◆ **TASK DIRECTIONS**
From the first line to the last, write out the material verbatim.

____________________

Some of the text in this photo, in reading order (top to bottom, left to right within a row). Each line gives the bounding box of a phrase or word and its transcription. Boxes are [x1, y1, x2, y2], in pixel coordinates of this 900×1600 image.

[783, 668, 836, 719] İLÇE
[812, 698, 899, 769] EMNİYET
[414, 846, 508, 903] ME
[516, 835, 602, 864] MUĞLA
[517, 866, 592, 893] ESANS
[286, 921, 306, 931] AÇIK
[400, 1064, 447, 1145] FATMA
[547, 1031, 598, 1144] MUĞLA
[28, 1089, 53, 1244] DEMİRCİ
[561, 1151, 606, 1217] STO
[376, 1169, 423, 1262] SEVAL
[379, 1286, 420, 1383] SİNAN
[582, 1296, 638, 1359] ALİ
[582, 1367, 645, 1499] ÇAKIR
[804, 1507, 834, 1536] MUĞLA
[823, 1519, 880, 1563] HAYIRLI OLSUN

____________________

◆ **SOLUTION TO THE PROBLEM**
Some of the text in this photo, in reading order (top to bottom, left to right within a row). Each line gives the bounding box of a phrase or word and its transcription. Boxes are [x1, y1, x2, y2], in pixel coordinates of this 900×1600 image.

[783, 668, 836, 719] İLÇE
[812, 698, 899, 769] EMNİYET
[414, 846, 508, 903] ME
[516, 835, 602, 864] MUĞLA
[517, 866, 592, 893] ESANS
[286, 921, 306, 931] AÇIK
[400, 1064, 447, 1145] FATMA
[547, 1031, 598, 1144] MUĞLA
[28, 1089, 53, 1244] DEMİRCİ
[561, 1151, 606, 1217] STO
[376, 1169, 423, 1262] SEVAL
[379, 1286, 420, 1383] SİNAN
[582, 1296, 638, 1359] ALİ
[582, 1367, 645, 1499] ÇAKIR
[804, 1507, 834, 1536] MUĞLA
[823, 1519, 880, 1563] HAYIRLI OLSUN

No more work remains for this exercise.